My 9 Year-Old is a Forward

By Tony Earp

Your 9 year-old player is NOT a forward. We do not even know if he is going to be a “soccer player” in the future. The only thing we know for sure is that he plays soccer and seems to enjoy it. He may even begin showing areas of the game that he is better at than others, but he is not a forward, defender, midfielder, or a goalkeeper yet. Why? He is too young and not nearly experienced enough yet to know for sure. We do not know if a 9 year-old will grow up to be a doctor, teacher, mechanic, scientist, or an artist, but we certainly know they are not one right now. At the moment, the player is playing soccer and is being a kid, and that is all we know for sure.
Too often, we label players as being fit for a certain position WAY TOO EARLY in their development. We see certain tendencies, many which have nothing to do with actually playing that position correctly later on, and decide that is where the child should play. The child is put in that position because it is where they are best right now, but more importantly (but not really), it is what helps the team win more games right now. Once a player is pigeon holed into a position, it is the only position the child plays for games and it severely limits the player’s ability to develop all the skills required to play in the future and the overall understanding of the game.
There are countless benefits for players to get to experience all positions on the field. The players gain a better understanding of the entire game. Playing all positions helps with understanding responsibilities and positioning on the field. The player’s learn the relationships between different positions on the field. Most importantly for young players, it challenges the players to use different skills, in different ways, in different parts of the field, and it is more fun!
Playing the same position all of the time only requires the player to use certain skills, usually their stronger ones, over and over again, so the game becomes less and less challenging over time and the player’s learning slows down. There is little opportunity to grow past what the player can already do on the field and what the player already knows. As the players get older, the size of the field gets bigger, the number of players on the field increases, the formations change, and the playing approach becomes more sophisticated. As the game changes, the player with less experience in different positions will be more limited in regards to fitting into the game than a player who has played and learned the skills and knowledge required to play different positions. The player will begin to struggle as more is required by the coach and the game. The saddest part is the player who has grown up loving the game and was doing very well will increasingly begin to struggle, and the game will quickly become not as much fun. The player, in the spirit of having a lot of success right away, was deprived of the needed development opportunities to play the game and have success at the older age groups.

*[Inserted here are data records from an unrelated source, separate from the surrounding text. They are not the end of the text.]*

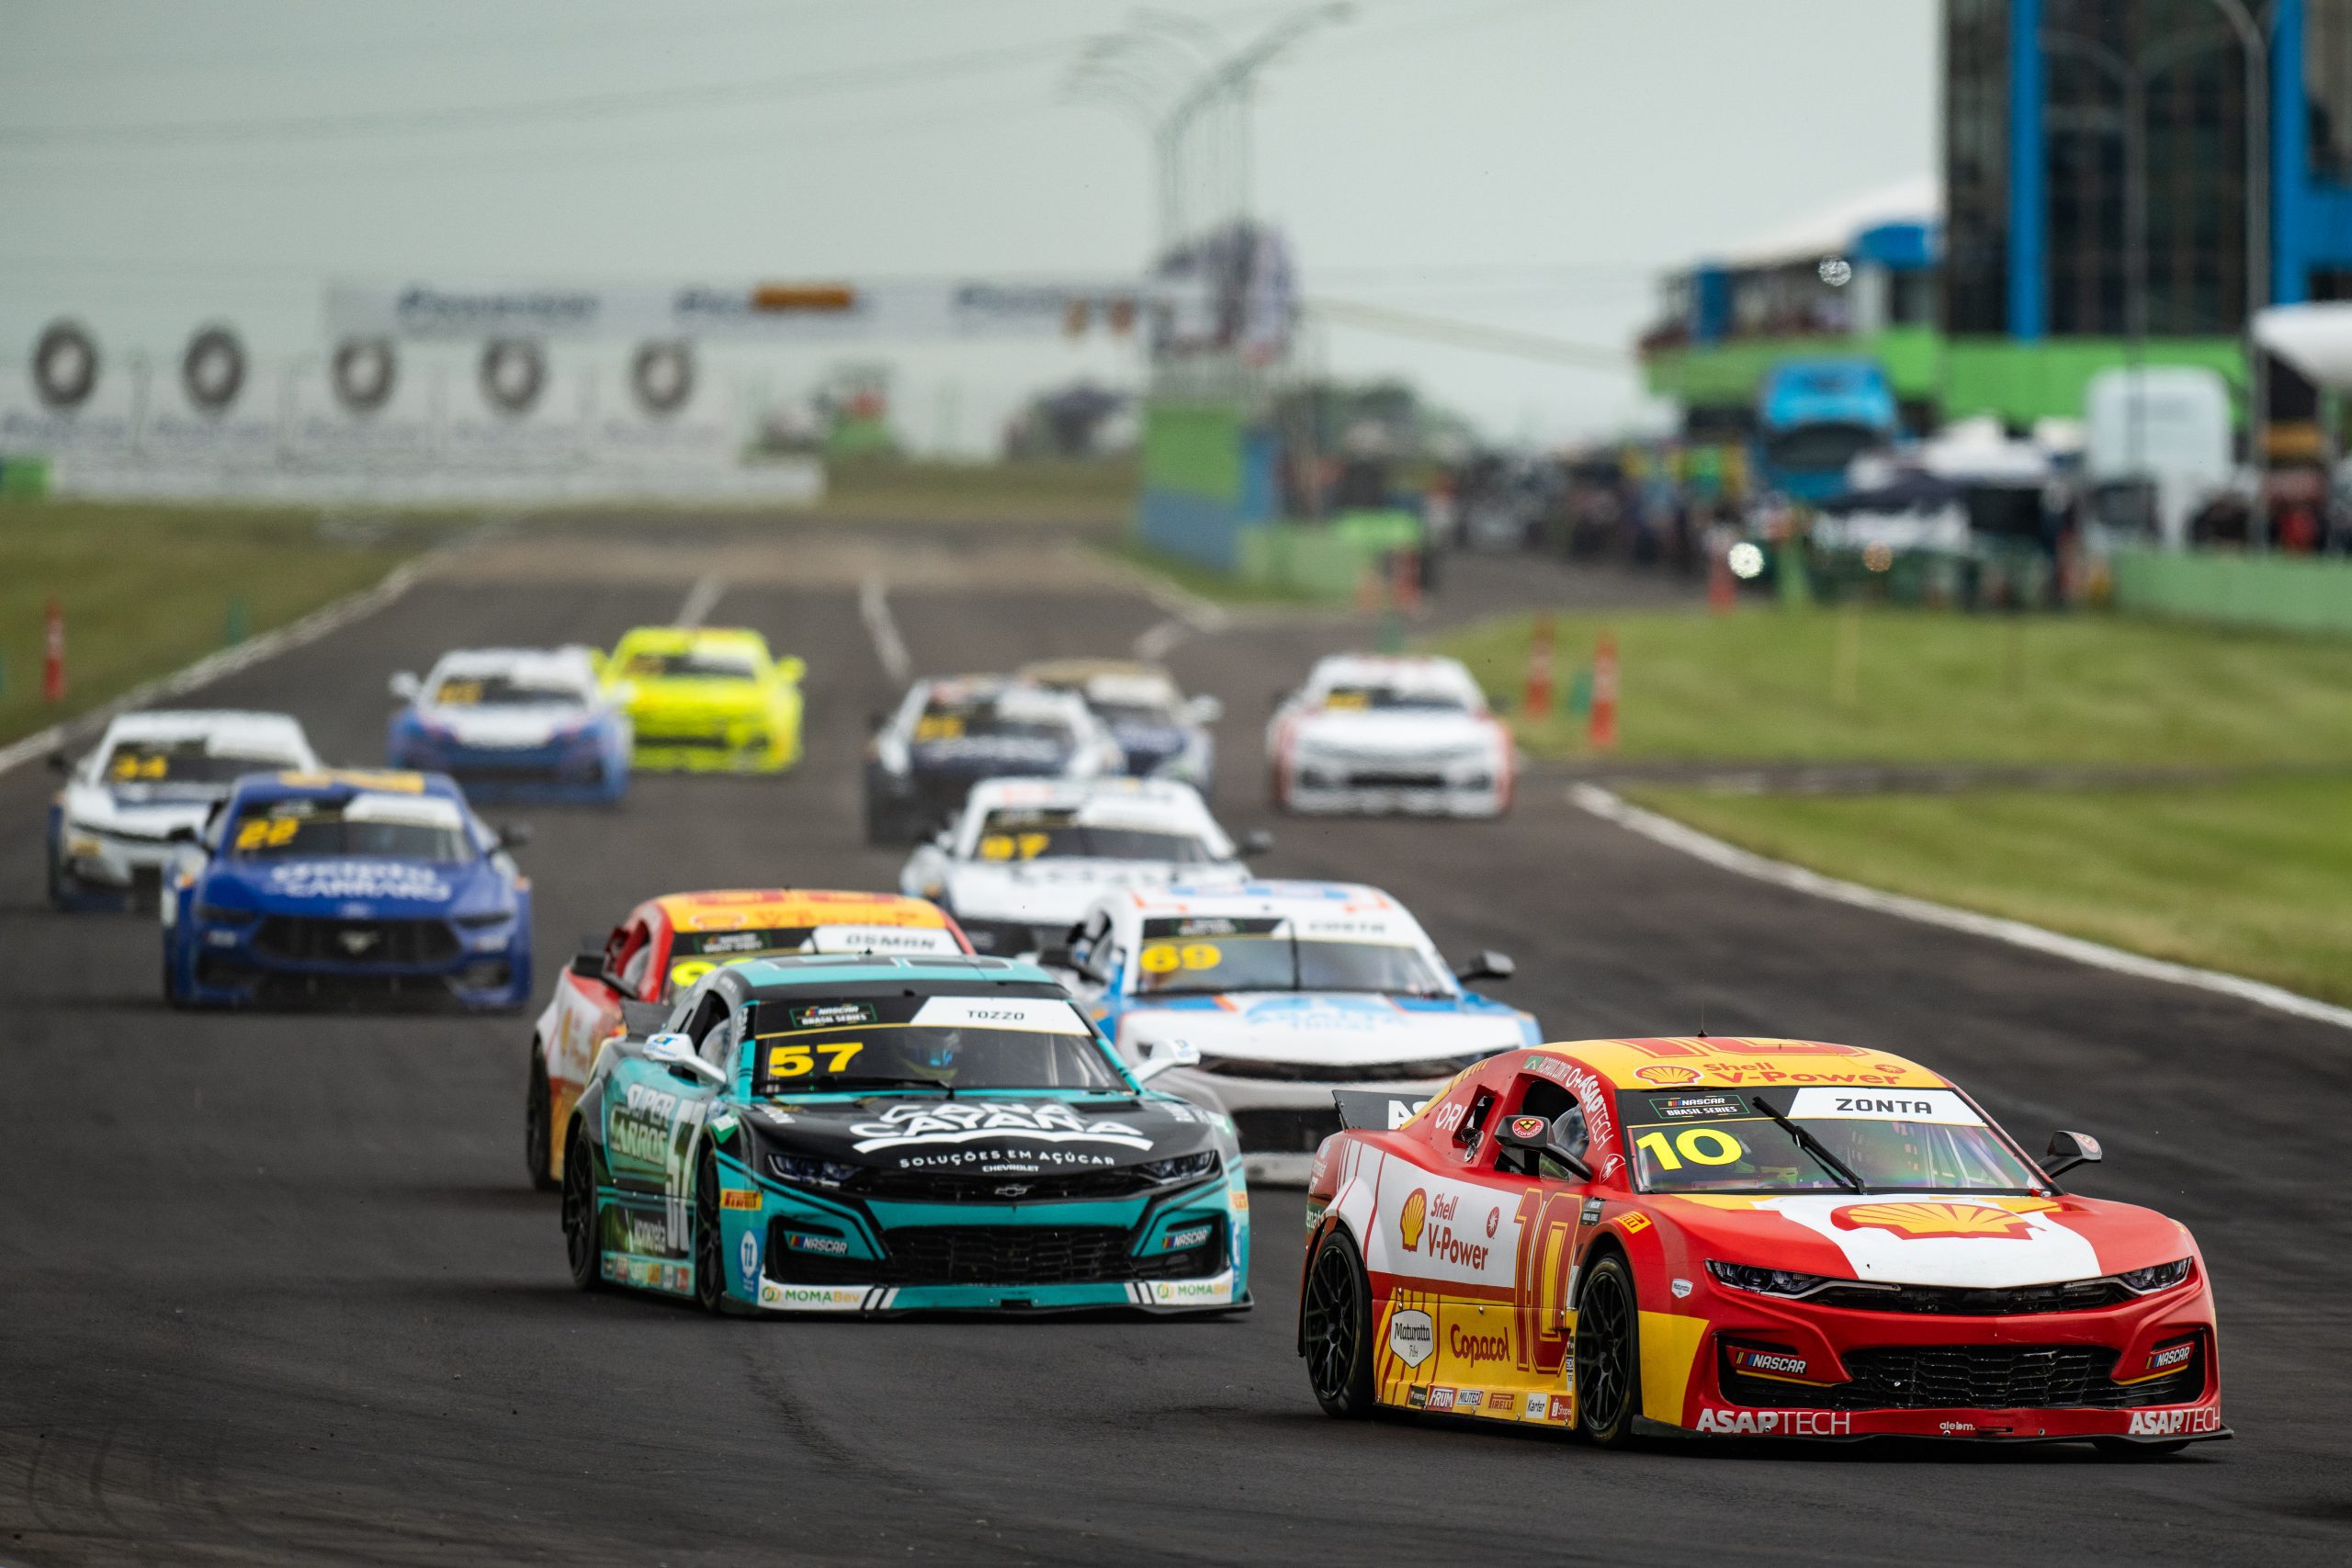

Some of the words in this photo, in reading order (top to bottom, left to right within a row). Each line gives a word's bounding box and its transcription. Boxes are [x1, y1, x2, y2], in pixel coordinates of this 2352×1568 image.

[847, 934, 935, 949] OSMAN
[1140, 943, 1222, 974] 69
[967, 1010, 1025, 1021] TOZZO
[768, 1042, 864, 1077] 57
[1703, 1062, 1775, 1072] Shell
[1712, 1071, 1901, 1085] V-Power
[1579, 1074, 1614, 1151] ASAPTECH
[1666, 1108, 1703, 1117] BRASIL
[1702, 1106, 1738, 1114] SERIES
[1681, 1098, 1725, 1107] NASCAR
[1835, 1098, 1933, 1115] ZONTA
[849, 1112, 1144, 1137] CAYANA
[899, 1150, 1001, 1168] SOLUÇÕES
[1007, 1149, 1032, 1160] EM
[1038, 1151, 1116, 1166] AÇÚCAR
[1635, 1128, 1743, 1171] 10
[981, 1164, 1040, 1172] CHEVROLET
[1430, 1193, 1459, 1222] Shell
[803, 1235, 848, 1255] NASCAR
[1173, 1229, 1208, 1249] NASCAR
[1428, 1223, 1489, 1271] V-Power
[1514, 1187, 1583, 1378] 10
[785, 1290, 861, 1303] MOMABev
[1394, 1322, 1431, 1342] Maturatta
[1450, 1323, 1511, 1369] Copacol
[1752, 1355, 1807, 1374] NASCAR
[2155, 1347, 2190, 1368] NASCAR
[1429, 1388, 1453, 1408] FRUM
[1488, 1392, 1515, 1411] PIRELLI
[1526, 1398, 1545, 1413] Karter
[1696, 1408, 1851, 1436] ASAPTECH
[2128, 1406, 2221, 1436] ASAPTECH

Which kids are usually labeled as a forward or defender when young? Coaches use physical attributes, which I am told change as kids grow up, and skill levels, which also change, and the personality of the player, which, you guessed it, also changes over time. The big and strong, but slower player, with a “big kick” gets placed as defender each game, while the speedy and more athletic player with more skill gets placed as a forward.
Each time the player labeled as a defender gets the ball, he is asked to just kick it forward and away from his own goal. The player rarely gets opportunities to take players on with the ball, dribble in space, receive passes from teammates, or get forward to try to score. The player gets good at winning the ball and kicking it far up the field for the forward to chase down. The player is praised and rewarded for doing his very well. Unfortunately, he will be required to do more than this in the future, even as a defender, when the game gets more advanced as he gets older, but he will not have learned how to do anything more.

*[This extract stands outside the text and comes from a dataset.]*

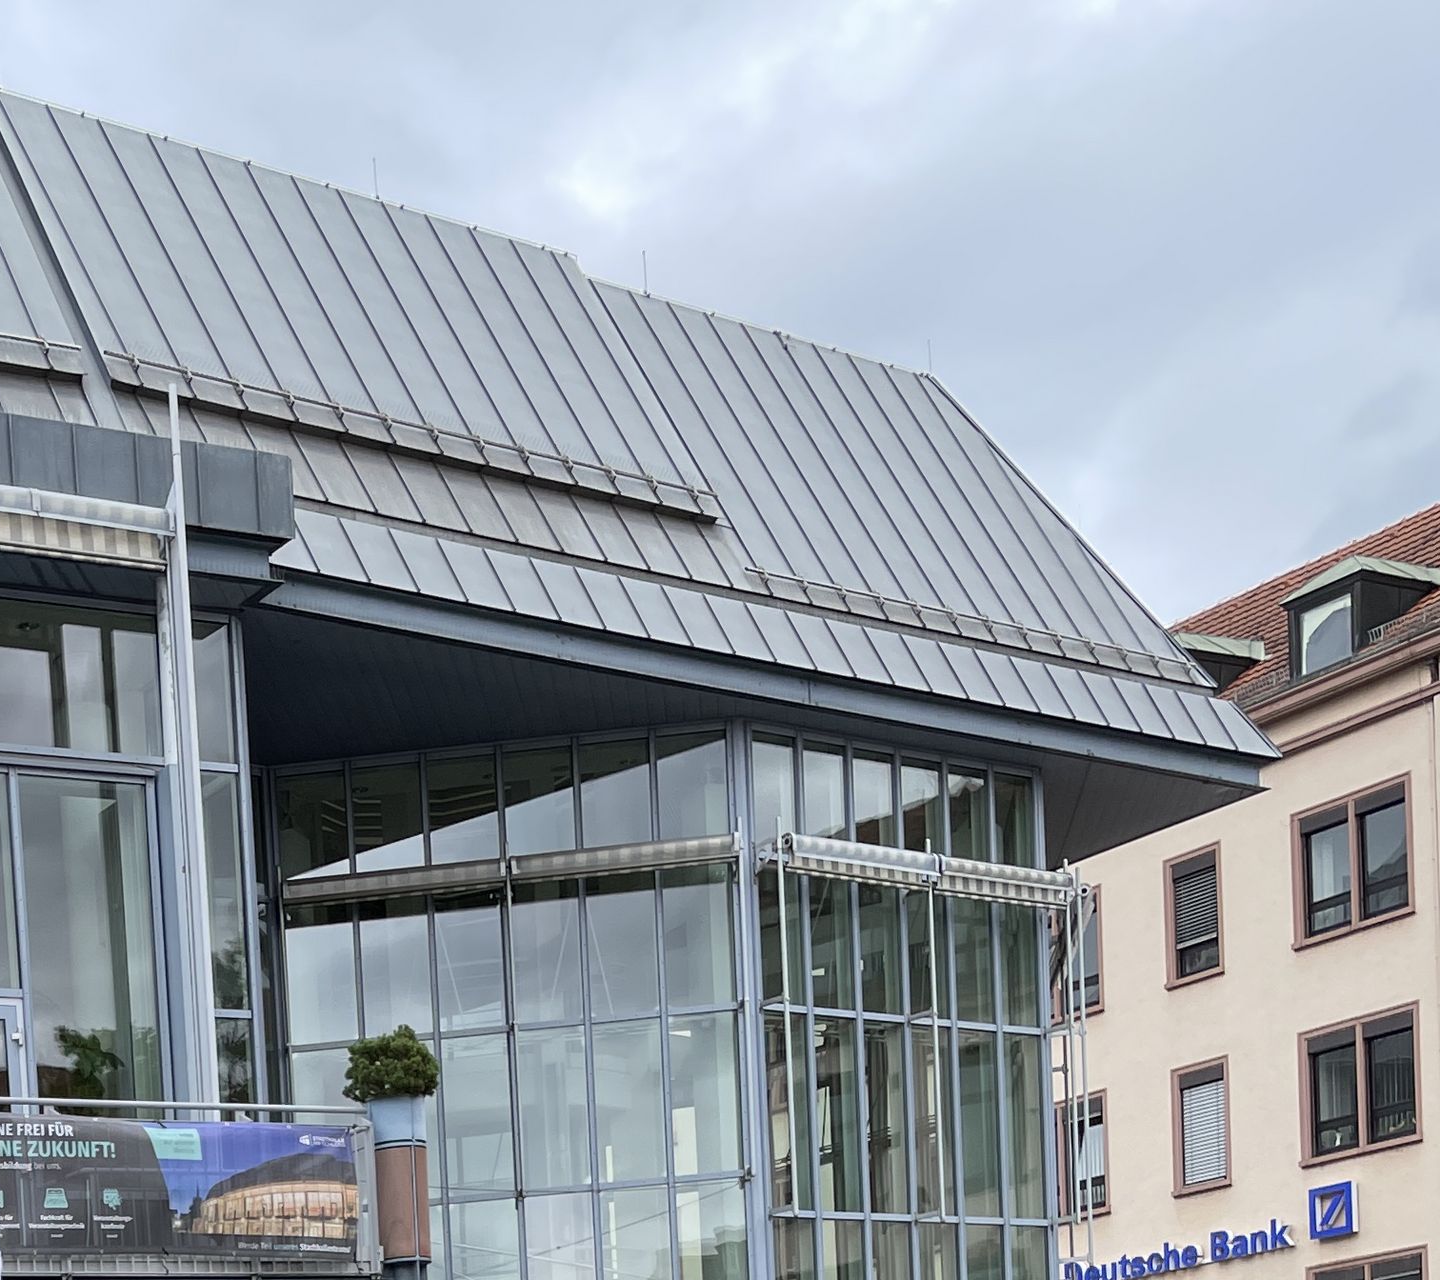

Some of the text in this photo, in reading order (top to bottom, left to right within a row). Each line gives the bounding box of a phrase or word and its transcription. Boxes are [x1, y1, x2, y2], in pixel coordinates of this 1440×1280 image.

[16, 1123, 45, 1136] FREI
[48, 1121, 74, 1137] FÜR
[27, 1140, 116, 1158] ZUKUNFT!
[1210, 1219, 1295, 1263] Bank

When the forward gets the ball, he is asked to try to run forward and use his speed to get past the slower defenders. As soon as he is near the goal, the coach will want him to try to score. Between the two players, the forward gets the benefit of getting more touches on the ball and working on skill moves. But, the player gets little experience defending near his own goal, learning to play out of the back, and seeing the game from a different part of the field. If the player is moved to a different position by another coach, the player will be very unhappy about it and will become frustrated quickly as he can no longer do what he has always done… run forward and score goals. The player never gets to learn and appreciate any other aspect of the game. The only way the game is fun is if he is playing forward and scoring goals. A player who may have been considered the “best” player on the team, and doing everything right, can quickly become the player who struggles and does not have the required skills to continue to play at a competitive level as the seasons pass.
What about the players who do not fit either of these profiles? What about the players who are considered to be weaker because they cannot impact the game the same way? I have heard coaches say they try to “hide” these players on the field so they do not have to do much, or put them with stronger players who can cover for the weaker player’s mistakes. This limits the player’s negative impact on the team. Some may call this “good” coaching, but I feel this is the LAZIEST form of coaching. Instead of trying to help weaker players improve, the coach decides it is just easier to find a way that the player’s deficiencies will hurt the team the least. That is not coaching. That is REFUSING to coach. Again, these players are not allowed to play certain positions that are reserved for the “stronger” players and they miss opportunities to get better and learn how to play the game. Often these are the smaller, less athletic and coordinated players, who are driven out of the game way to early because they were not athletic enough as a young kid.
Yes, as players get older, at the senior levels, players will not be moved around as much and players begin to be more specialized in playing certain positions on the field. With that said, and as players develop as forwards, midfielders, defenders, and goalkeepers, it is still good for them to move around at times to help them learn the intricacies of each position in relation to the one they play (goalkeepers much less than others). At the older age groups, there is still a lot of development to be done, much of it tactical and understanding systems of play, which is best learned by experiencing different positions and formations. It would not be as fluid as with a younger team, but some movement in positions is still beneficial.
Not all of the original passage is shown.